Our current beef cattle EBVs comprise the usual stock-in trade values such as the growth and carcass EBVs which are used by most major genetic evaluations world-wide. In addition, fertility EBVs comprising scrotal; size, gestation length and days to calving appear in some genetic evaluations in Australasia and North America. Summing up the total number of different EBVs available on beef cattle around the world would likely reveal more than fifty different measures used (more, if I could interpret French and Belgian catalogues). What will the future hold ?

The future of beef cattle EBVs in New Zealand might develop in either of four ways:

  1. Keep the status quo. Keep the EBVs available to us at present and perhaps add or delete a few EBVs over time. The advantages of this approach is that little extra work is required and that breeders and bull-buyers do not need to re-learn a whole new set of values. The disadvantages of this approach are that most of our current EBVs are (at best) predictors of traits influencing farm profit rather than the economically-important traits themselves.
  2. Increase the number of EBVs. This seems a likely scenario since the general world trend is toward developing new (but not always more relevant) EBVs. The advantage of this approach is new EBVs are marketable since a breeder (or Breed Society) is seen to be making progress when they deliver a new EBV. On the downside, how many commercial producers have the skills to interpret even the current EBVs, let alone a few extras ?
  3. Development of fewer but smarter EBVs. Smarter means more closely related to farm profit and easier to interpret. For example, why persist with publishing EBVs for scrotal size, gestation length, days to calving, birth weight and calving ease (direct and maternal) EBVs when two EBVs namely heifer fertility and sustained cow fertility might cover the entire range. This major shift in use of EBVs would probably require two levels of reporting.

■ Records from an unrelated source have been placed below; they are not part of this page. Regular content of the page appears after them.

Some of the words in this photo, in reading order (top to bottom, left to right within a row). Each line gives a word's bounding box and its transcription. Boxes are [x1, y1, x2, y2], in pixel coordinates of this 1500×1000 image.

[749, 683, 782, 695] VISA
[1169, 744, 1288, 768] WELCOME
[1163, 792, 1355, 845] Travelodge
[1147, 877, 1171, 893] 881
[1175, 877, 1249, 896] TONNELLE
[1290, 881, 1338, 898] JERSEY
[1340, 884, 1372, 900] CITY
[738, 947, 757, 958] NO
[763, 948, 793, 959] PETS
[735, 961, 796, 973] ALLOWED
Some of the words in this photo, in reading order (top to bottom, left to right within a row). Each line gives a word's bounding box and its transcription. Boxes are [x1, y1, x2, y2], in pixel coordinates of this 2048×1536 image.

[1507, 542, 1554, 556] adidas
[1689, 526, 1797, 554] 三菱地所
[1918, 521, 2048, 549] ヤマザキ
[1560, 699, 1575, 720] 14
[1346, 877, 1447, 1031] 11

    Firstly, presenting bull-buyers with a few highly relevant EBVs which relate to farm profit such as those listed in the table below:

    Possible new EBV

    What it predicts

    Heifer fertility Probability of a heifer successfully weaning a calf at 2.5 years
    Sustained cow productivity Probability of cow weaning a calf every year until she has recouped the initial cost of her investment (plus the weaning weight of calves minus cow feed intake).
    Bull fertility Probability of successfully mating 60 cows per year for five years
    Efficiency of growth to harvest Genetic merit for growth though to harvest age (say 300 kg steer carcass at 20 months) accounting for feed costs to achieve target carcass weights. Such an EBV would be customisable allowing different target carcass weights or harvest ages to be specified.
    Saleable meat yield The yield of saleable meat as a percentage of carcass weight
    % Angus Classic The % of steer or heifer progeny expected to quality for Angus Classic (or any other branded beef price premium).

    The second level of reporting (not seen by the bull-buyer) would occur on bull-breeding herds and would require bull-breeders to measure most or all of the traits which influence economically important traits. For example, bull-buyers might only ever see a heifer fertility EBV in a catalogue even though bull-breeders would have measured birth weight, calving ease score, and scrotal size) to predict heifer fertility.

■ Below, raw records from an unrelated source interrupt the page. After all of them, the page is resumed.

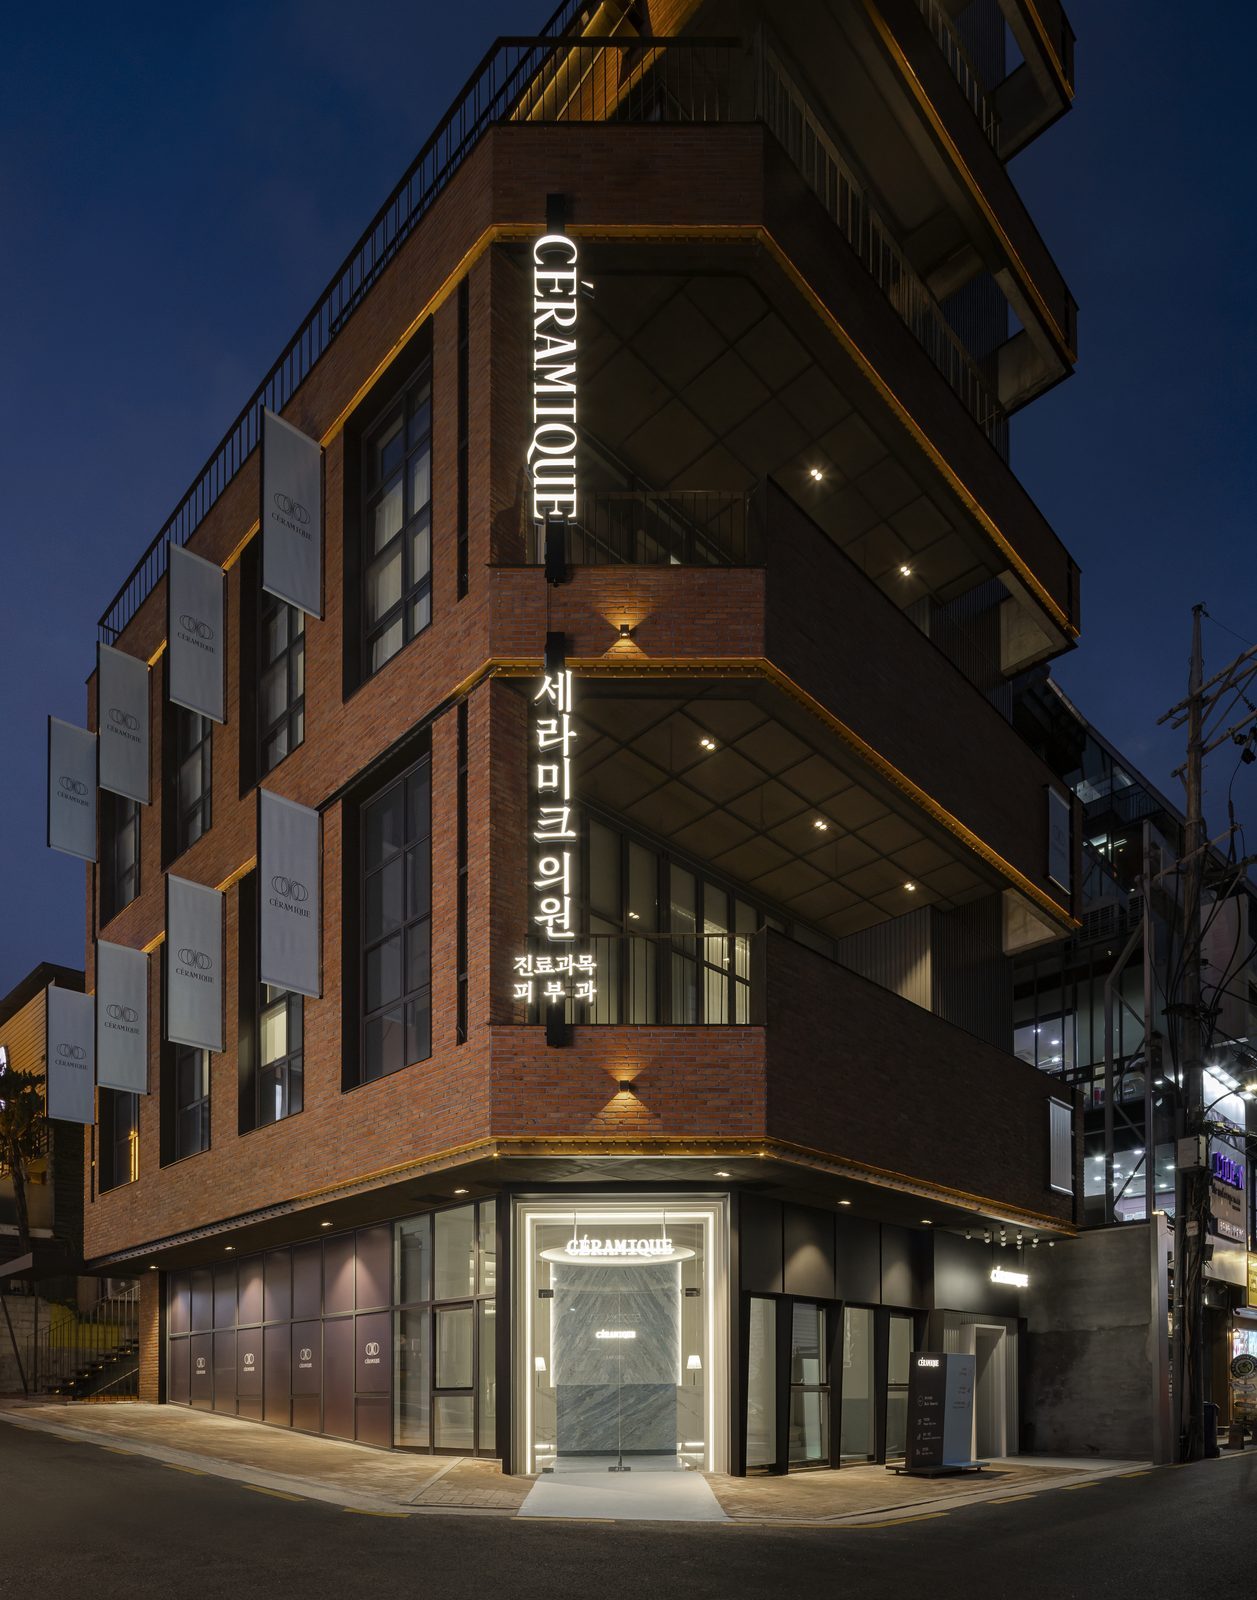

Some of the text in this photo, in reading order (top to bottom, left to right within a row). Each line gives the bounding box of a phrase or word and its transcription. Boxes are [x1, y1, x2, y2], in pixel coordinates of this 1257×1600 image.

[527, 234, 595, 519] CÉRAMIQUE
[271, 511, 313, 541] CÉRAMIQUE
[269, 897, 312, 919] CÉRAMIQUE
[513, 954, 598, 977] 진료과목
[565, 1234, 675, 1257] CÉRAMIQUE
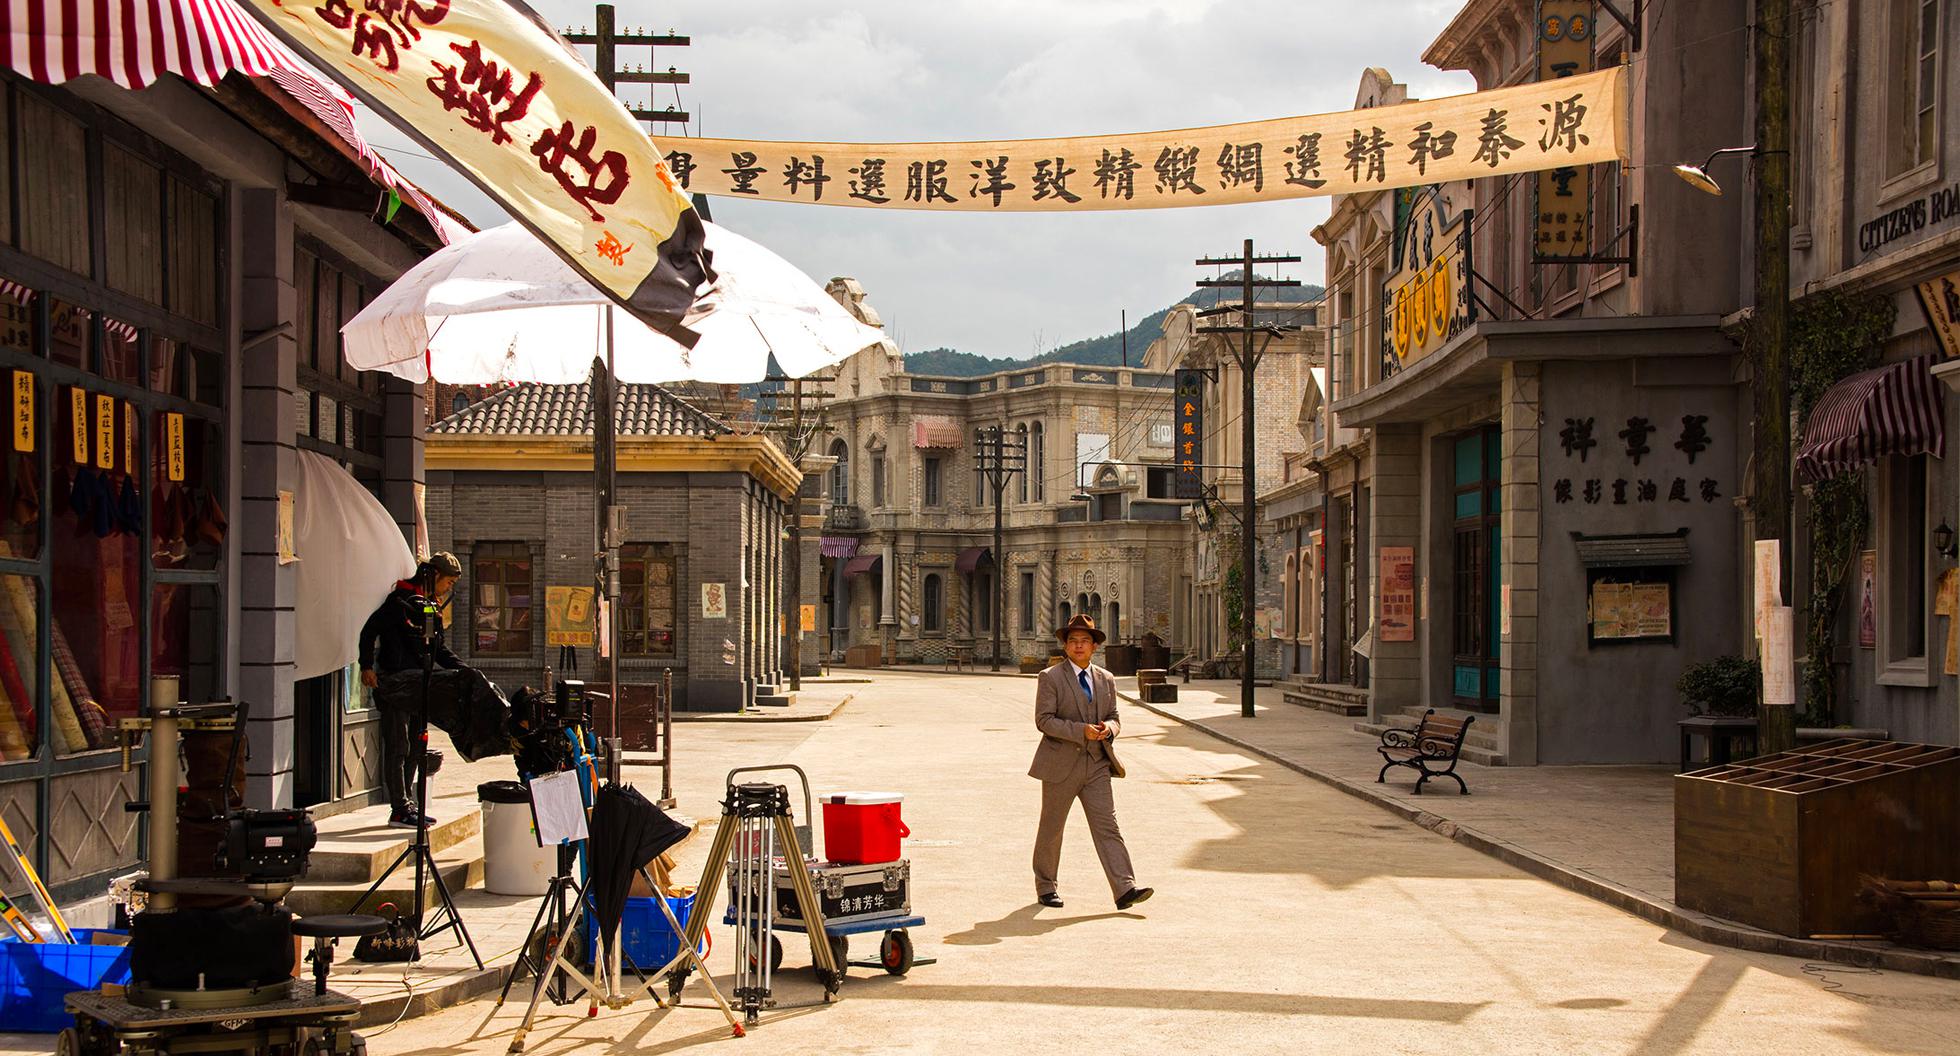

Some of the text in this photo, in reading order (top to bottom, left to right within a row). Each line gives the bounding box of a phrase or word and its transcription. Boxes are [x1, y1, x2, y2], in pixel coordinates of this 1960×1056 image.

  4. Any combination of (1,2,3) may be incorporated with breeding objectives technology to more accurately weight EBVs according to their effect on farm profit.

Any change in EBVs cannot arise from Boffins within Ivory Towers (or even cold concrete towers located in Palmerston North) but must arise from Angus breeders who are themselves users of EBVs but more importantly are suppliers of genetically more profitable cattle to the commercial beef industry.